Il 1° giugno 2026 segna i 45 anni di attività dell’Associazione, nata nel 1981, a meno di un anno dall’attentato del 2 agosto 1980, la più grave strage di civili della storia repubblicana italiana, costata la vita a 85 persone e con oltre 200 feriti. Fin dall’inizio, i familiari hanno scelto di organizzarsi in una realtà civile autonoma per chiedere verità e giustizia, contrastare rimozioni e distorsioni della memoria e opporsi ai depistaggi che per decenni hanno ostacolato l’accertamento delle responsabilità. Con questo episodio speciale, Lampi – 2 Agosto 1980, il podcast scritto e narrato da Sara Poledrelli e prodotto da Piombo Podcast, torna su una delle storie familiari più dolorose e simboliche della strage.
La vicenda ricostruita nell’intervista restituisce la dimensione concreta e quotidiana della tragedia.
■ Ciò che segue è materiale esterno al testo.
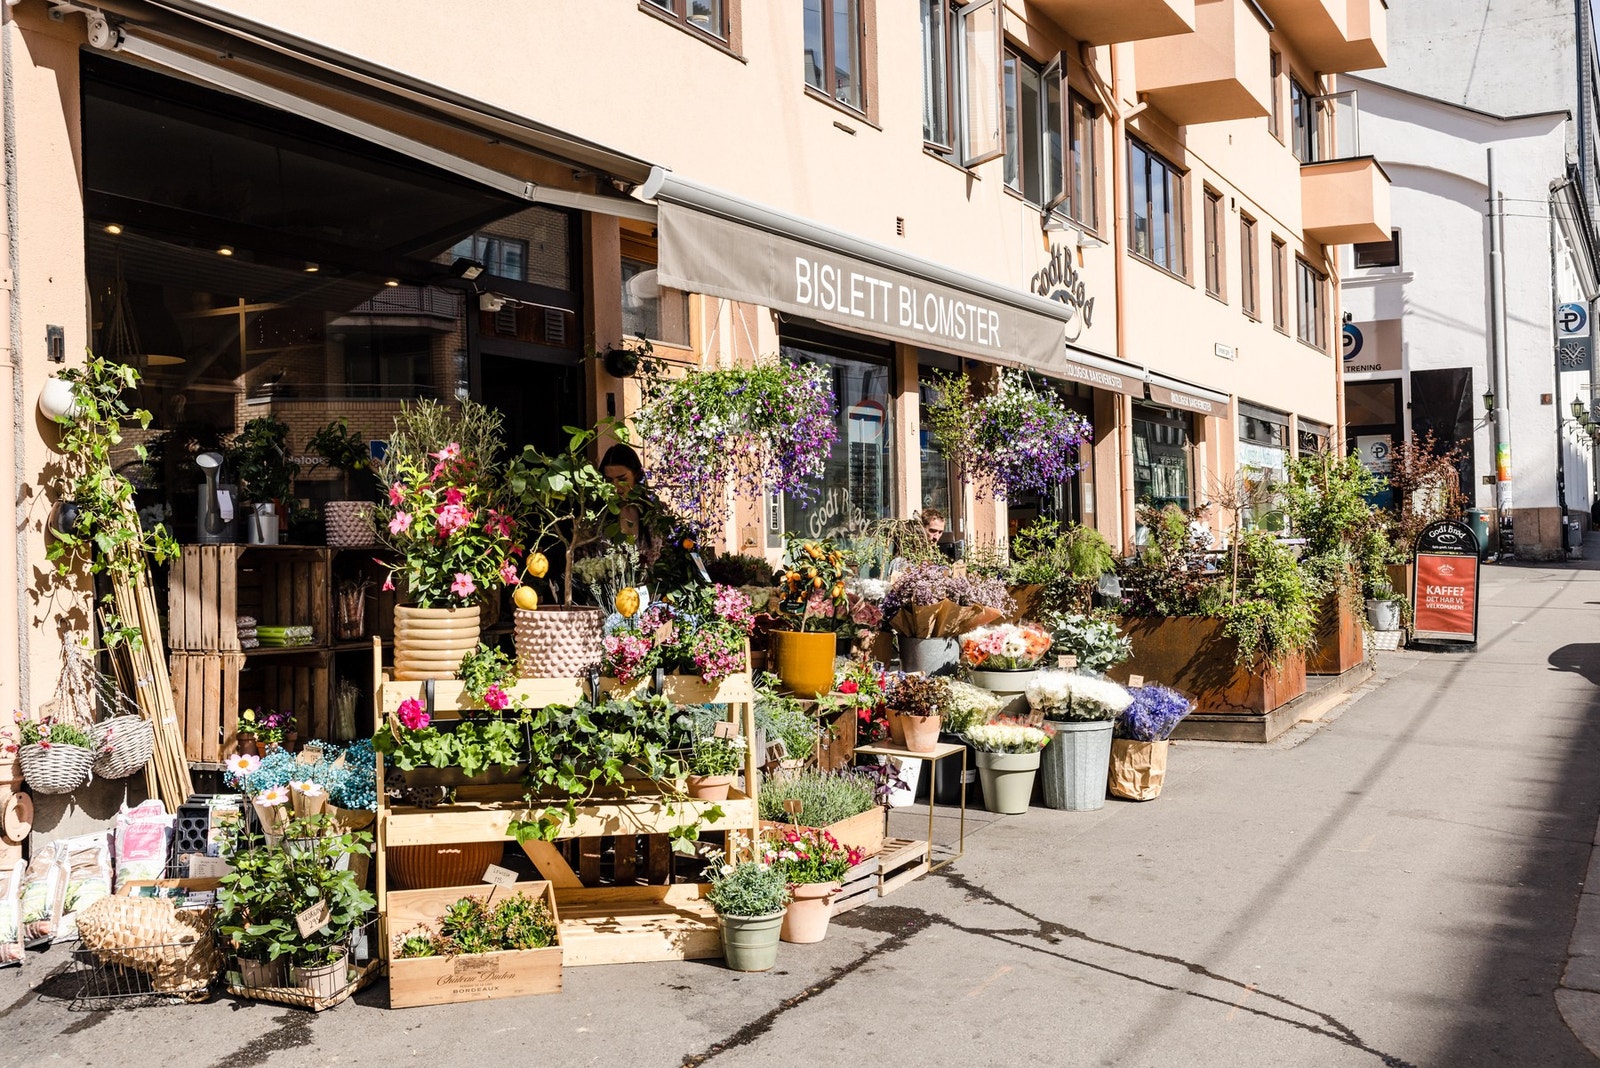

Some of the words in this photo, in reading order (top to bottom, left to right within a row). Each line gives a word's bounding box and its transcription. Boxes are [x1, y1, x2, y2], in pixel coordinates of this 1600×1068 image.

[1030, 241, 1063, 297] Godt
[1063, 245, 1095, 329] Brød
[795, 256, 893, 323] BISLETT
[898, 285, 1001, 348] BLOMSTER
[1346, 363, 1382, 373] TRENING
[809, 487, 839, 539] Godt
[1428, 525, 1447, 538] Godt
[1448, 525, 1467, 539] Brød
[1426, 585, 1465, 597] KAFFE?
[1426, 603, 1465, 611] VELKOMMEN!
[452, 986, 500, 994] BORDEAUX
Quel 2 agosto Luca e Antonella partirono da Ravenna in auto per raggiungere alla stazione di Bologna Mimma e Angela, arrivate per trascorrere alcuni giorni in Romagna prima di rientrare tutti insieme in Sicilia; furono travolti dall’esplosione insieme alle due sorelle. Attraverso il racconto familiare emergono lo smarrimento delle ore successive, la ricerca disperata tra ospedali, obitori e liste comunali, il riconoscimento dei corpi e il lungo dolore che avrebbe segnato per sempre la vita dei sopravvissuti.
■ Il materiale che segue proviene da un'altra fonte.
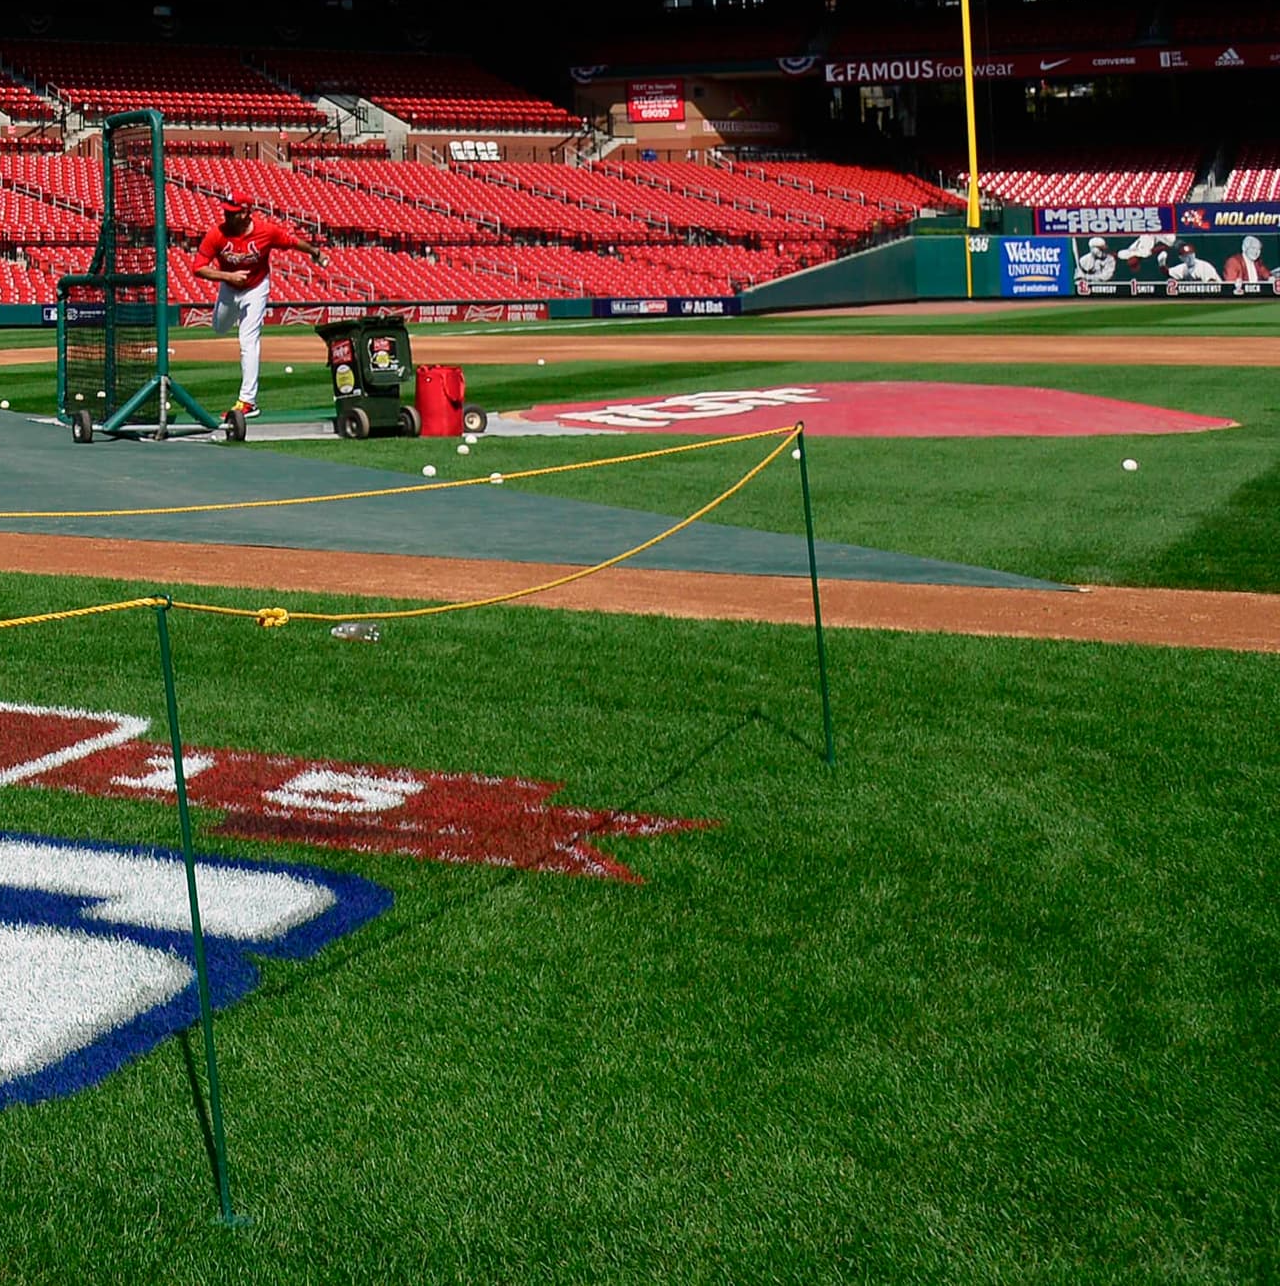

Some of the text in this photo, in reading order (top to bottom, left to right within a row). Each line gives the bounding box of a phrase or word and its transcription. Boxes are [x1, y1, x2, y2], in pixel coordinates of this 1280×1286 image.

[846, 60, 1014, 82] FAMOUS foowear
[1068, 219, 1162, 233] HOMES
[1004, 242, 1061, 263] Webster
[1008, 263, 1061, 277] UNIVERSITY
[1166, 280, 1178, 295] 2
[693, 300, 723, 313] At Bat
[111, 752, 426, 814] 15
La famiglia Marino rappresenta anche una delle presenze storiche dell’Associazione tra i familiari delle vittime della strage: proprio grazie alla tenacia dei familiari e al loro lavoro incessante, negli anni sono stati smascherati rallentamenti e depistaggi. Qualche anno fa al Corriere Romagna Pina Marino ricordava così la strage: «Luca lavorava in Cmc, ma quel giorno la draga si era rotta e a lavoro non poteva andare - prosegue Pina -. Ogni anno, a prendere Mimma e Angela che venivano a trovarci da Altofonte, il paesino vicino Palermo di cui siamo originari, andavamo io e mio marito Archimede, coi bambini». Ma Luca è libero da lavoro e così si offre di andare: «Eravamo in casa, assieme. Era il mio fratellino e me l’ero portata sù a Ravenna quando aveva 16 anni. C’era anche Antonella quel giorno con noi, stavano assieme da due anni. E disse che voleva accompagnarlo». Il giovane, premuroso, le chiede di informare Anna, la futura suocera: «Antonella era la sua unica figlia. Anna chiese loro di andare in treno: nel primo affollato sabato di agosto lo giudicava più sicuro». E normalmente è così, ma non in quel terribile 2 agosto 1980. Antonella e Leo Luca arrivano a Bologna, si incontrano con Mimma e Angela. Chiamano a casa, a Altofonte. Aspettano la coincidenza, per tornare a Ravenna. Poi il dramma.